Inside the article: Read my story of discovering and accepting that I was unexpectedly pregnant. Hear the highs and lows, and ultimately the joy that came from a big surprise and life shift.
January 14th, 2019: I started graduate school for the third time.
January 15th, 2019: I found out I was unexpectedly pregnant.
I can vividly remember the moment that my life changed forever. My period was late by about a week, which was extremely unusual for me as I’m generally pretty dang predictable. I also had a copper IUD, a contraceptive device that has a 99.9% success rate at preventing pregnancy. There was no way I was pregnant.
Yet, I couldn’t get it off of my mind. At 9 PM, I insisted that I buy a pregnancy test from the Walgreens down the street.
The test couldn’t have been positive more quickly. I had just barely peed on the stick and the two lines were glaring at me in the face. I came out of the bathroom, exclaiming “oh my gosh, babe, it’s positive.” And my sweet, gentle husband just gave me a hug.
I know the experience of finding out that you are pregnant is different for everyone. Some are trying to conceive, and therefore, might have a joyful response. Some have suffered through miscarriages and infertility, so a positive test is approached with caution and fear.
For me, my first honest thought was, “omg, my body.” At the time, I was in the best shape of my life (likely a contributing factor in my ease of conceiving!). I attended spin classes 4x/week+ and was focused on eating a cleaner diet. In fact, my new health goal for the new year was to focus on strengthening my core (aka get more defined abs).
I still giggle thinking about that. What is pregnancy if not the opposite of gaining a 6 pack?
Then came the fearful thoughts about the expected symptoms (I am a serious vomit-phobe), the puffiness and weight-gain, and most terrifying of all — birth. I could barely think about birth without feeling intense anxiety, so I just promised myself I would worry about that later. For now, was I even really pregnant?
Before the doctor.
After calculating the likely date of conception (yes, we knew exactly when our son was created), I was about 5 weeks along when I tested. Most doctors won’t see you until you are about 6-8 weeks, but since I still had the IUD still hanging out in my uterus, we were immediately considered high risk. Our appointment was set for January 18th.

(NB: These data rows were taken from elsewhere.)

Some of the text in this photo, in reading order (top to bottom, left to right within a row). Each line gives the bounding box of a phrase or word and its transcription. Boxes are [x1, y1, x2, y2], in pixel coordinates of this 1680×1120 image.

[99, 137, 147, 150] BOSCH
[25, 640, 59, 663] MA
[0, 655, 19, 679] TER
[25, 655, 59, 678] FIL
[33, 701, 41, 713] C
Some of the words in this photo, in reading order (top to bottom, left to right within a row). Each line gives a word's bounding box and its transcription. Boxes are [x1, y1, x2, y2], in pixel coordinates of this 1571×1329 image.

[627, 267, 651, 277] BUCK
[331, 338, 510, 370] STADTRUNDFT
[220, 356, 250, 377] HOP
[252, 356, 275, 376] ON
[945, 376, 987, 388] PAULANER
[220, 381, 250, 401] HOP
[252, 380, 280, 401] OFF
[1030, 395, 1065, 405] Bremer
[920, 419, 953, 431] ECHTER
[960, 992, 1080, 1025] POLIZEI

During the few days in between the positive test and our appointment, I obsessively took tests to be sure I was actually pregnant (spoiler alert, they were all positive still, and darkening by the day). Truthfully, I didn’t really believe it. Seriously, the odds were ridiculously low. And I know what you might be thinking: no, my IUD wasn’t too old and yes it was in the right spot.
Here’s where I still can feel a little guilty. I spent too much time on google, and learned about chemical pregnancies and other reasons for a positive pregnancy test result. In those few days, I vacillated from being a little excited, having been repressing some inklings of baby-fever the past few months, to secretly hoping maybe it was just a chemical pregnancy.

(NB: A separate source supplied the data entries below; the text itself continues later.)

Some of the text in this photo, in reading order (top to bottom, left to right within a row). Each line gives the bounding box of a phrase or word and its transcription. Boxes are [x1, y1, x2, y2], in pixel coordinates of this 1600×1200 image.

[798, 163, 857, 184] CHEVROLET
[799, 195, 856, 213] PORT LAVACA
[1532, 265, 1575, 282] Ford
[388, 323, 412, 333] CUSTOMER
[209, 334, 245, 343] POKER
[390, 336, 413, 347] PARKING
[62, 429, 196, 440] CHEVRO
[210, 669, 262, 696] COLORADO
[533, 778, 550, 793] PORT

I hate even typing that, but it’s true.
It felt like the worst timing imaginable. We were set to take a two week vacation to Thailand in March, I had just started graduate school again, and my husband and I still had things we wanted to do before having kids. We’d only been married for 10 months at this point!
It’s a baby!
The appointment came, and the ultrasound confirmed: I was 5 weeks along with a little tiny fetus. My doctor was totally stumped. In his many years of practicing, he said he’d never had a patient get pregnant with an IUD. I was famous in the office!
The scary piece, however, was the risk of the IUD. Leaving it in came with risk. Taking it out came with risk. At the end of the day, we decided the risk of pulling it was the better risk to take, and after several attempts, my doctor finally got it out at the next appointment.

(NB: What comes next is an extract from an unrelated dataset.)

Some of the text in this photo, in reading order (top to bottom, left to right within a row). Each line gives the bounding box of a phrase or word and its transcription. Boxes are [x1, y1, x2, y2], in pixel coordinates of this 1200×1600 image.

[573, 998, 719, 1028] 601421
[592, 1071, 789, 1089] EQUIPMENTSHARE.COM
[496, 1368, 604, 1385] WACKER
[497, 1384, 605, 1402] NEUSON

And little baby was totally fine. Praise the Lord!
At this point, Zach and I were moving into excited territory. We always wanted kids, so actually having a baby was fun to dream about in the coming weeks.
Moving forward unexpectedly pregnant.
Through the first trimester, and honestly beyond at times, Zach and I both flip-flopped between feeling genuinely excited and seriously terrified. Speaking for me, I still kept the fear of birth in the back of my mind. I remember when the third trimester hit, I had a totally breakdown about it.
Wanna know how it went? Read My Positive Birth Story
And you know what helped? I scoured YouTube for positive birth vlogs, I harassed google with searches of positive birth stories, and I filled myself up with positive affirmations about birth. So much of my fear was fear of the unknown. I have decent pain tolerance, but having something happen to my body that is out of my control freaked me out.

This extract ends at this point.